• WHAT NEEDS TO BE DONE: Give back the data exactly, with no images.

Saved entries:
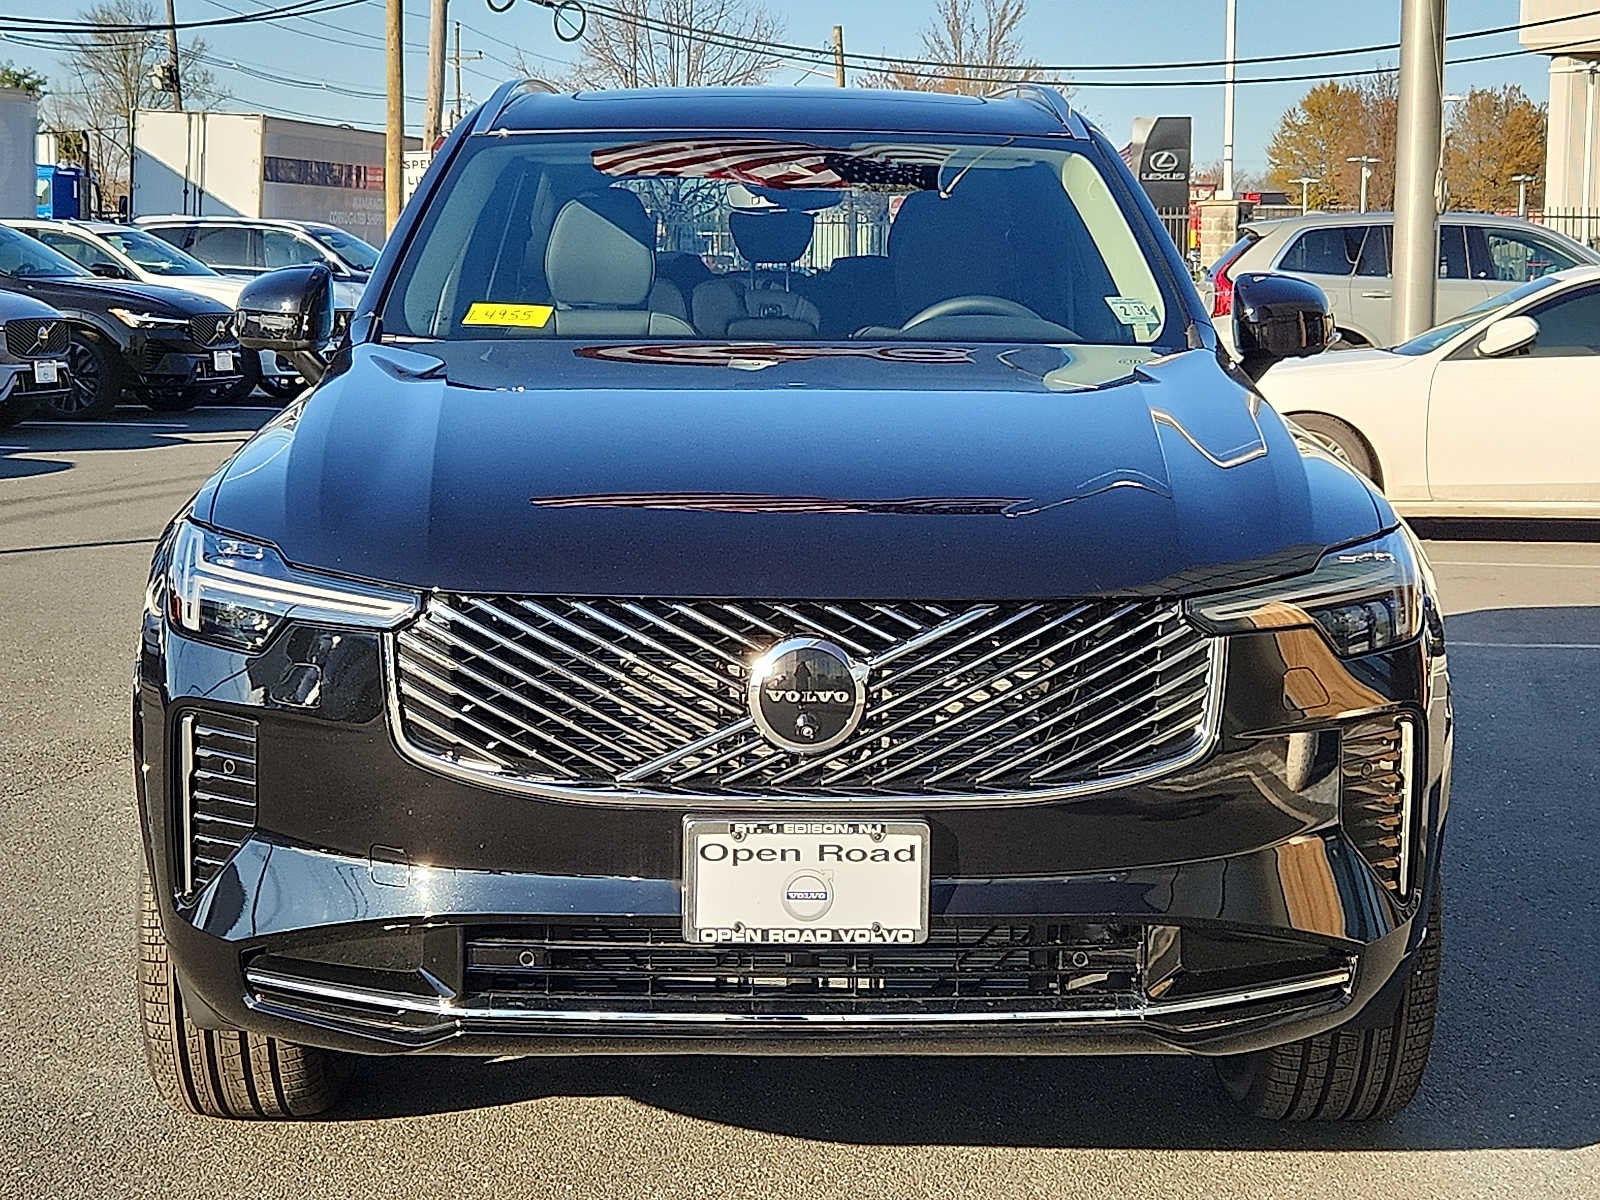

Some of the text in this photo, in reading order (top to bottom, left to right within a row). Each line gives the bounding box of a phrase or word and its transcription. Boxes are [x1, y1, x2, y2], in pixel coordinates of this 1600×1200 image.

[1141, 172, 1186, 180] LEXUS
[1119, 305, 1132, 316] 2
[765, 689, 850, 703] VOLVO
[768, 823, 778, 834] 1
[699, 843, 916, 866] Open Road
[700, 928, 915, 943] OPEN ROAD VOLVO

• WORKED SOLUTION:
Some of the text in this photo, in reading order (top to bottom, left to right within a row). Each line gives the bounding box of a phrase or word and its transcription. Boxes are [x1, y1, x2, y2], in pixel coordinates of this 1600×1200 image.

[1141, 172, 1186, 180] LEXUS
[1119, 305, 1132, 316] 2
[765, 689, 850, 703] VOLVO
[768, 823, 778, 834] 1
[699, 843, 916, 866] Open Road
[700, 928, 915, 943] OPEN ROAD VOLVO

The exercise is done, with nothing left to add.